- **TASK DESCRIPTION**: Pictures stay out; everything else in the records below gets copied exactly.

=======

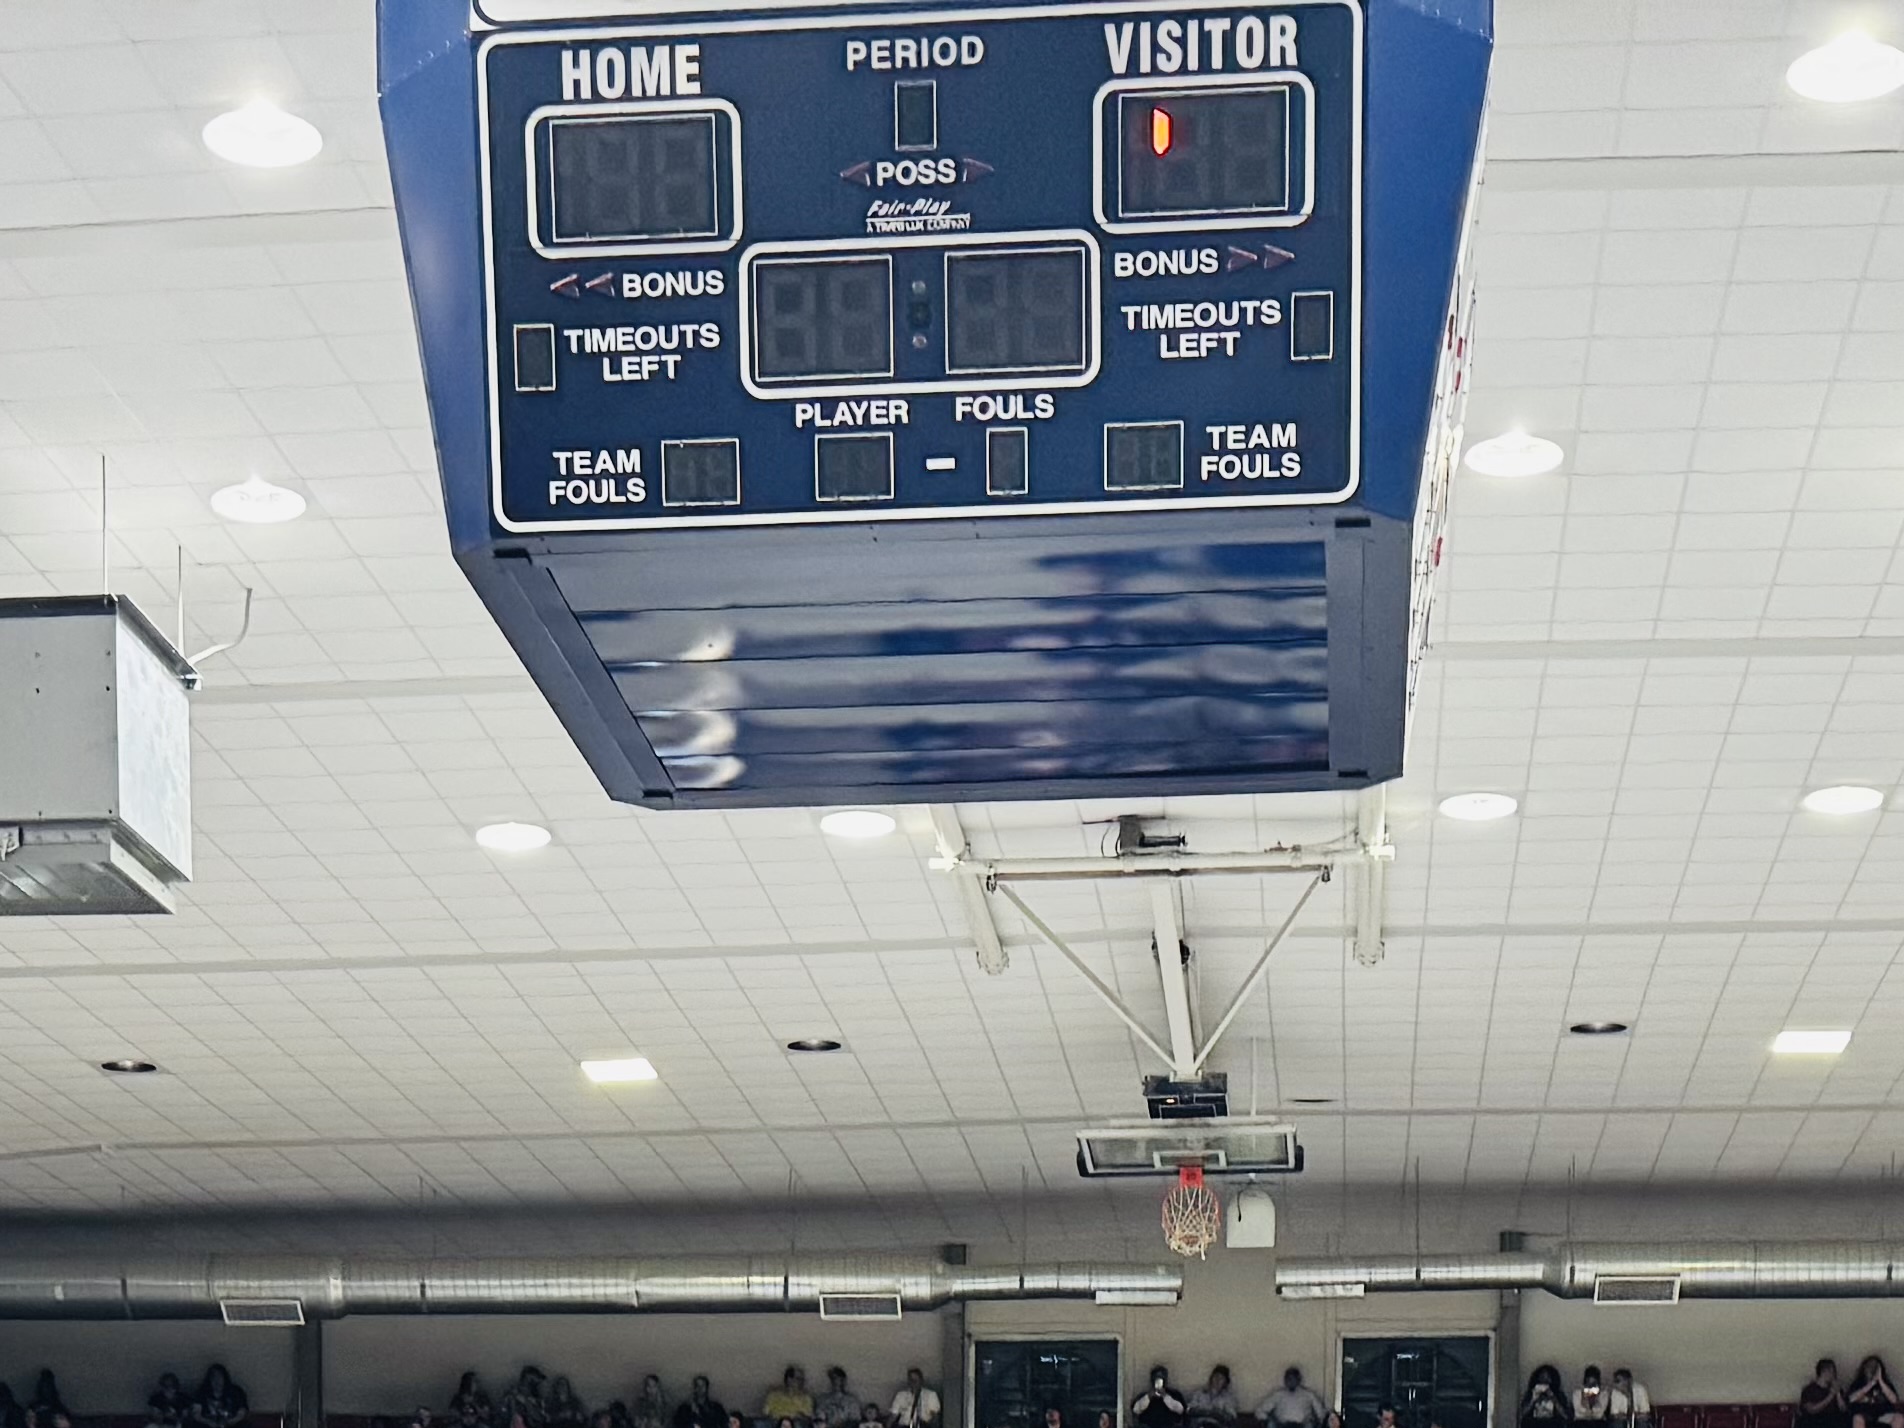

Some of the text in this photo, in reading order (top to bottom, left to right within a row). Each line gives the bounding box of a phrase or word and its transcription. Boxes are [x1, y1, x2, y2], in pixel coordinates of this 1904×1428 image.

[847, 36, 983, 70] PERIOD
[1104, 15, 1298, 74] VISITOR
[561, 44, 702, 101] HOME
[877, 159, 956, 186] POSS
[1115, 249, 1218, 277] BONUS
[623, 270, 724, 297] BONUS
[1121, 300, 1281, 330] TIMEOUTS
[564, 323, 720, 353] TIMEOUTS
[1161, 332, 1240, 358] LEFT
[603, 355, 681, 381] LEFT
[796, 394, 1054, 427] PLAYER FOULS
[1206, 423, 1296, 450] TEAM
[553, 449, 640, 475] TEAM
[1201, 453, 1300, 480] FOULS
[550, 478, 645, 504] FOULS

=======

- **ANSWER TO THE PROBLEM**:
Some of the text in this photo, in reading order (top to bottom, left to right within a row). Each line gives the bounding box of a phrase or word and its transcription. Boxes are [x1, y1, x2, y2], in pixel coordinates of this 1904×1428 image.

[847, 36, 983, 70] PERIOD
[1104, 15, 1298, 74] VISITOR
[561, 44, 702, 101] HOME
[877, 159, 956, 186] POSS
[1115, 249, 1218, 277] BONUS
[623, 270, 724, 297] BONUS
[1121, 300, 1281, 330] TIMEOUTS
[564, 323, 720, 353] TIMEOUTS
[1161, 332, 1240, 358] LEFT
[603, 355, 681, 381] LEFT
[796, 394, 1054, 427] PLAYER FOULS
[1206, 423, 1296, 450] TEAM
[553, 449, 640, 475] TEAM
[1201, 453, 1300, 480] FOULS
[550, 478, 645, 504] FOULS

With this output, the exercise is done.